Kommentar und Analyse der WWDC 2011 Keynote

Die Keynote der diesjährigen WWDC war anders als alle vergangenen Keynotes. Erinnern wir uns wie es früher war: Kein Schwein wusste was kommt, sämtliche Spekulationen im Vorfeld erwiesen sich schon nach wenigen Minuten mit Jobs auf der Bühne als Makulatur und zum Schluss kam dann noch das gute alte „One more thing“. Letzteres ist irgendwann dann einmal verschwunden (gut, gestern kam es kurz vor Schluss wieder) und nahm dem Ende der typischen Keynote etwas an Reiz. Tja und heutzutage? Da hat Apple doch tatsächlich im Vorfeld schon eine Pressemitteilung verschickt mit den Themen der diesjährigen Keynote und der Versicherung, dass Steve Jobs himself auf der Bühne stehen wird…

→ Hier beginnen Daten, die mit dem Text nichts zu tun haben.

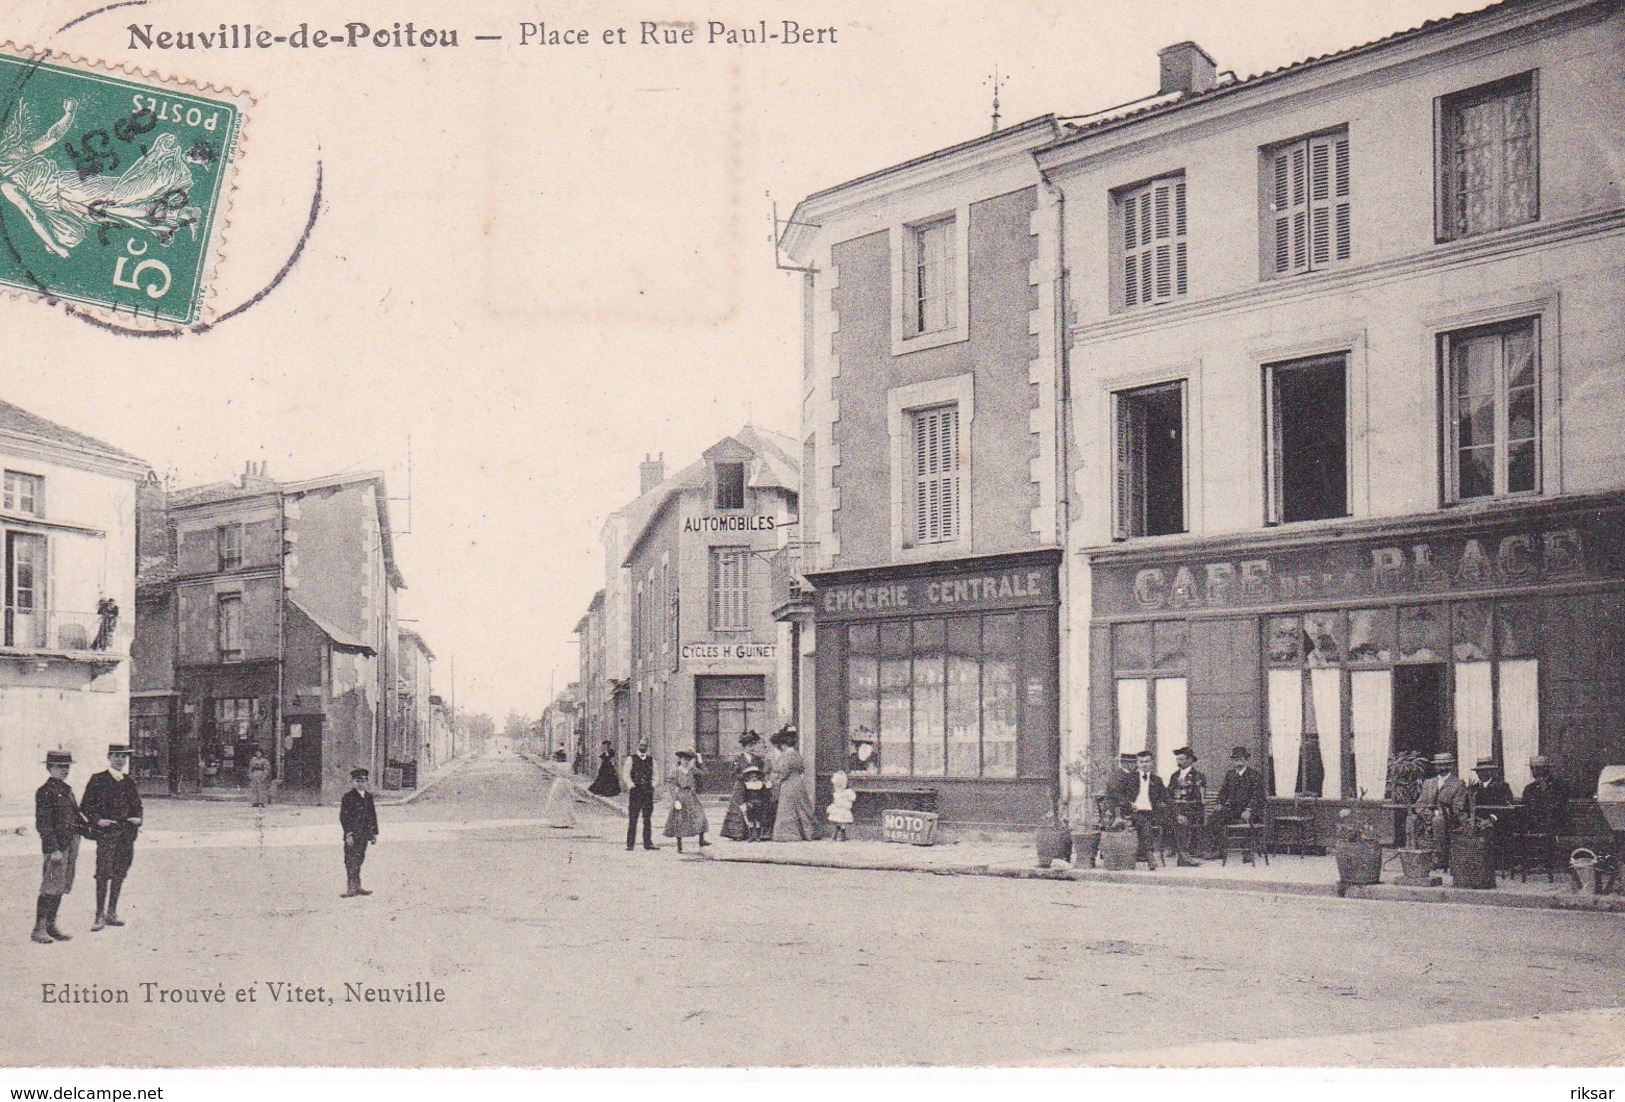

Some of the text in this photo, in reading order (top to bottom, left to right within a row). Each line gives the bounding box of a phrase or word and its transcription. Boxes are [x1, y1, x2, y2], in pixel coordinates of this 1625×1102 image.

[132, 94, 218, 131] POSTES
[683, 516, 775, 533] AUTOMOBILES
[1371, 529, 1584, 588] PLACE
[824, 572, 1042, 613] EPICERIE CENTRALE
[681, 645, 719, 659] CYCLES
[736, 645, 777, 659] GUINET
[884, 814, 923, 832] MOTO

Nun ja, spannend ist es dann irgendwie doch geworden. Zum einen, weil auch dieses mal allerhand Superlative verkündet werden konnten (zum Beispiel dass es bis dato 54 Millionen Mac-Anwender gibt), zum anderen, weil das gesamte Apple-Ökosystem sich so radikal ändert, dass den Mitbewerbern Microsoft und Google Hören und Sehen vergehen müssten. Denn, während die Windows-Macher aus Redmond und der Suchmaschinenriese aus Kalifornien noch in Kategorien wie PC, Smartphone, Betriebsystem, Programme auf Datenträgern und Dateisystemen in denen Dinge „von Hand“ gespeichert werden müssen, denken, hat Apple den schon lange angekündigten und ziemlich radikalen Paradigmenwechsel in Richtung „Post-PC-Ära“ gezeigt.

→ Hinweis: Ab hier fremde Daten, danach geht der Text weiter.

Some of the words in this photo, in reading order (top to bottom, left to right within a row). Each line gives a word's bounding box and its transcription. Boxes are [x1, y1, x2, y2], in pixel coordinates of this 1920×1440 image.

Das Betriebsystem rückt für den User in weite Ferne und eine mit dem Web, der Cloud und der Apple-Store-Struktur integrierte, und über alle Plattformen hinweg ähnliche Benutzeroberfläche tritt in den Vordergrund. Multitouch-Gesten, Finger-Swipes über den Bildschirm, oder das Touchpad (die klassische Maus hat ausgedient) sind nur die ersten Vorboten einer vollkommen neuen Benutzeroberfläche. Denn seien wir ehrlich: Die hat sich seit den ersten GEM-, Windows- und Mac-OS-Versionen (sie erinnern sich? Die ersten Mac-Betriebsysteme hießen noch System!) aus der Mitte der 80er Jahre nicht großartig geändert: Es gibt Symbole für Programme und Dateien, Programme werden durch Doppelklick mit der Maus gestartet und ein Cursor/Mauszeiger wird per einfachen Klick an den gewünschten Stellen in der Datei oder einem bestimmten Menüpunkt positioniert. Das ganze gehorcht dann einer mehr oder weniger kruden Schreibtisch-Metapher, in der Dateien und Dokumente am „Schreibtisch“ oder in „Ordnern“ abgelegt und wenn man sie nicht braucht in den Papierkorb entsorgt werden.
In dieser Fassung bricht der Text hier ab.